Even in Montreal, a city widely believed to have the best public transit in Canada, parents who prefer subways to roadways still have to contend with side-eye. Jasmine, who prefers not to have her lastname published, has been raising her seven-year-old son without a car for four years. Each winter, Jasmine explains she hears passive-aggressive comments that sound like this: “You’re walking to school in this weather? Poor kid!” To people like that I say: thermal underwear and parkas are wonderful inventions!

For parents in downtown Toronto or Montreal, the judgment from people who don’t understand our car-free lifestyles is unpleasant, but in communities without robust transit systems, the obstacles are more serious than caustic comments. Anne Thériault is a writer and host of the podcast And Also Some Women. When she began life as a car-free parent, it was because she did not have the financial resources to pay for a vehicle. A decade later, she is proud of continuing to raise her kid sans car. 

“I like to think that it’s my tiny contribution to the fight against climate change, and I genuinely love public transit and think it’s a net good,” Thériault says.

 However, when her family relocated from Toronto to Kingston, Ontario, their car-less lifestyle got considerably more complicated.

As Thériault  explains, “The biggest challenge is that now we live in a very car-culture city, and it’s hard to get anywhere that’s outside of the downtown core.” 

A simple trip to Value Village is an expedition, she says, “involves a lot of planning and time.” Kingston, Ontario, which does have local buses and a train station, is nonetheless not known for its speedy or comprehensive public transit.   

Rural people are even worse off.
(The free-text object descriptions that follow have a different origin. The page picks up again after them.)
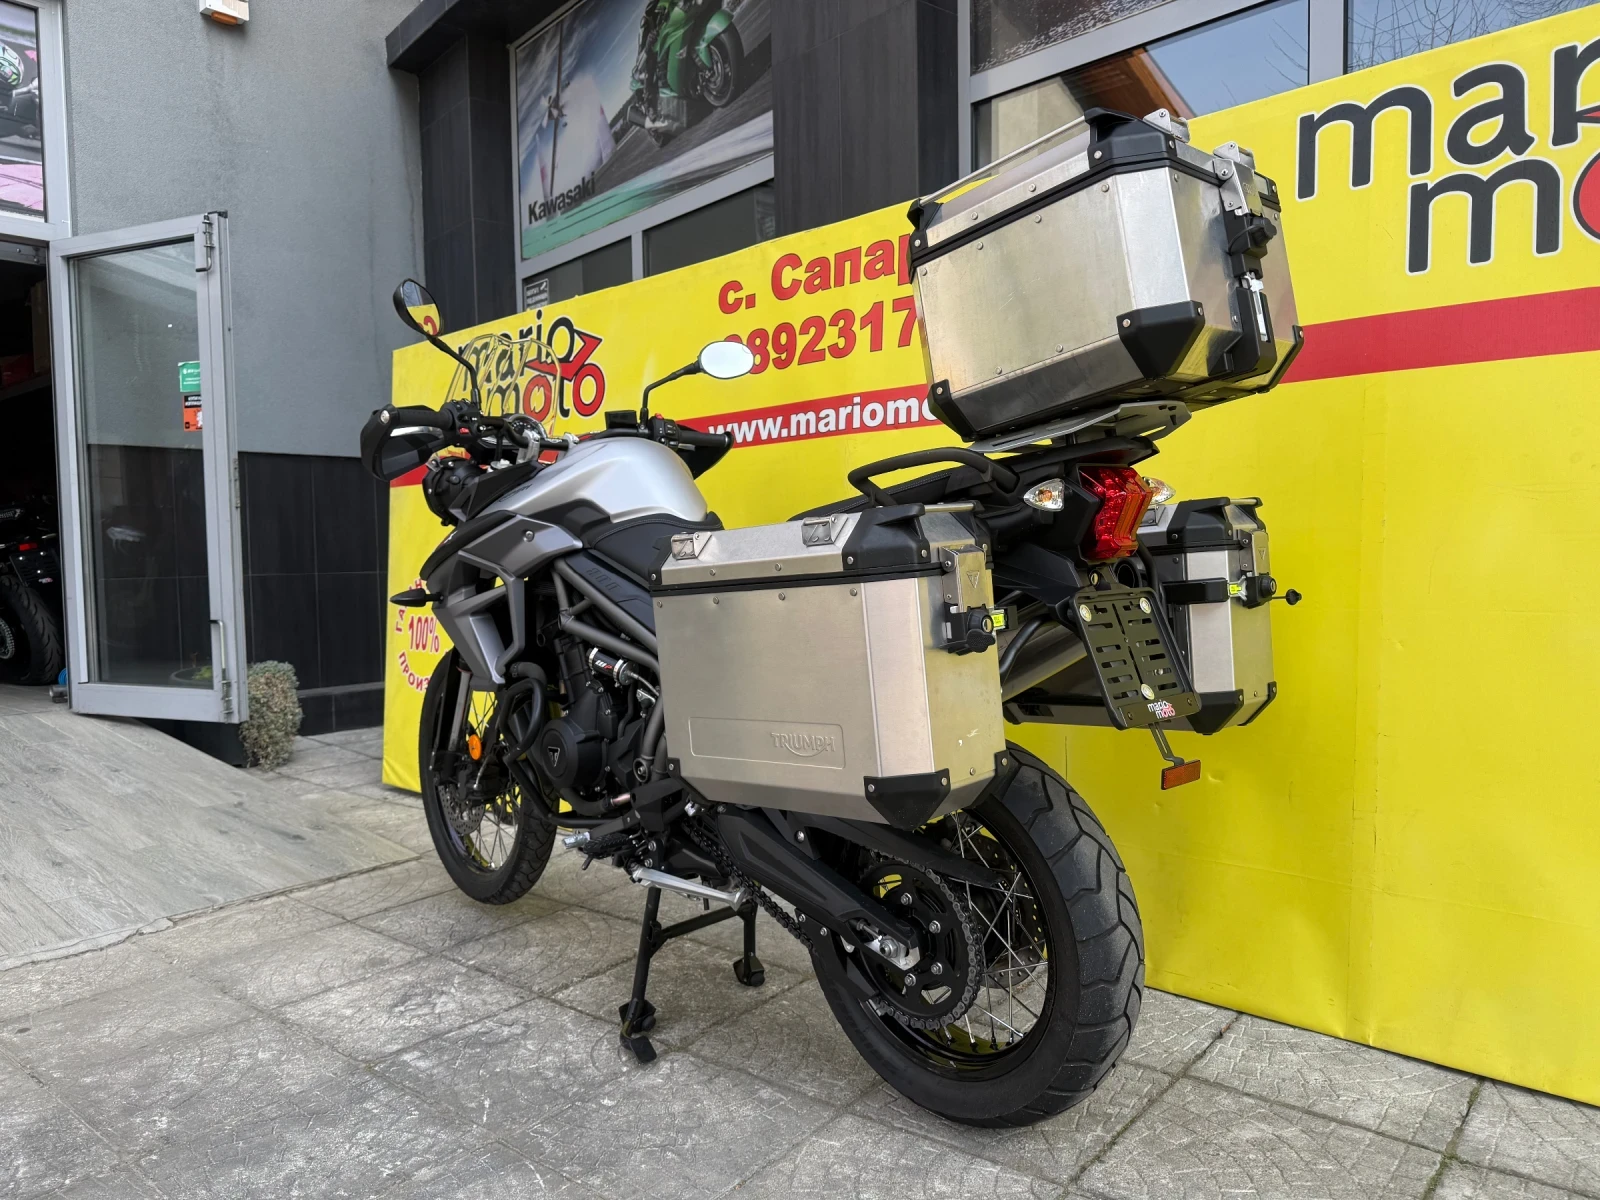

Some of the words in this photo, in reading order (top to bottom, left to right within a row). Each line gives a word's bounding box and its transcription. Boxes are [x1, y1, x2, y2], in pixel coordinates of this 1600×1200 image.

[528, 171, 595, 225] Kawasaki
[458, 309, 575, 392] mario
[724, 295, 918, 375] 892317
[485, 362, 606, 423] moto
[408, 615, 440, 653] 100%
[771, 732, 836, 757] TRIUMPH
I shudder to think of what happens to carless families who, unlike me, do not live walking distance from world-class ERs. After all, what good is free healthcare when geography interferes with a family’s access to medical attention? The lack of options that result from poor transportation in rural communities can leave carless residents with few options but hitchhiking, a practice that puts people in the vulnerable position of getting in cars with strangers. In the case of far too many women—especially Indigenous women—such stories end with people going missing. More robust public transit infrastructure could help connect communities and save lives. We cannot afford to live in a country that continues to ignore such facts. 

I am not naive. I know the vast majority of Canada’s communities are nowhere close to being “15-minute cities,” a buzzy term used to describe cities where all major amenities are conveniently within 15 minutes of any given community. But the magnitude of present Canada’s dependency on cars is not a reason to stop imagining a better future. It may be trite, but a dream of most of us who have children is to leave a better world behind for our children… 

Like healthcare or childcare, reliable and affordable public transit is an issue that impacts all everyone in one way or another. It also has a special resonance for parents. Our kids deserve transit that doesn’t exacerbate the climate crisis. And of course, every child deserves access to the amenities needed to thrive, regardless of whether their parents want—or can afford—a car. It’s time to end the stigma associated with car-free parenting. 

When it comes to parenting, it’s time to dream beyond the minivan.